■ EXERCISE DESCRIPTION ■
All the data below goes into the copy word for word, but the pictures don't.

▬▬▬▬▬▬

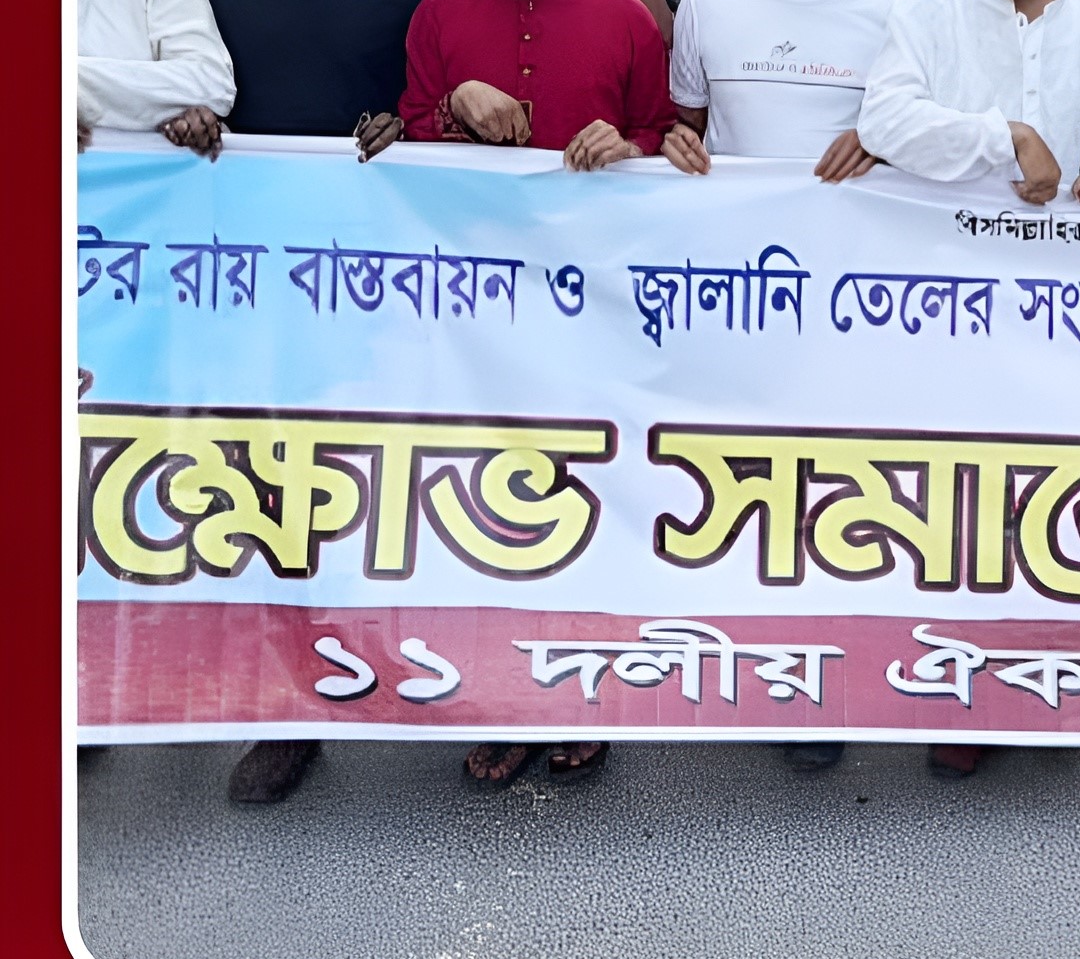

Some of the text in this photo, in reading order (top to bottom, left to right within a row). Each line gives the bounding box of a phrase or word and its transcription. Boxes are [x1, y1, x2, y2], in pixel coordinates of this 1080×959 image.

[165, 232, 269, 311] রায়
[283, 238, 525, 326] বাস্তবায়ন
[545, 263, 585, 317] ও
[628, 244, 811, 347] জ্বালানি
[830, 271, 1000, 338] তেলের
[77, 366, 620, 583] ক্ষোভ
[312, 635, 463, 704] ১১
[511, 618, 846, 706] দলীয়

▬▬▬▬▬▬

■ COMPLETED TASK ■
Some of the text in this photo, in reading order (top to bottom, left to right within a row). Each line gives the bounding box of a phrase or word and its transcription. Boxes are [x1, y1, x2, y2], in pixel coordinates of this 1080×959 image.

[165, 232, 269, 311] রায়
[283, 238, 525, 326] বাস্তবায়ন
[545, 263, 585, 317] ও
[628, 244, 811, 347] জ্বালানি
[830, 271, 1000, 338] তেলের
[77, 366, 620, 583] ক্ষোভ
[312, 635, 463, 704] ১১
[511, 618, 846, 706] দলীয়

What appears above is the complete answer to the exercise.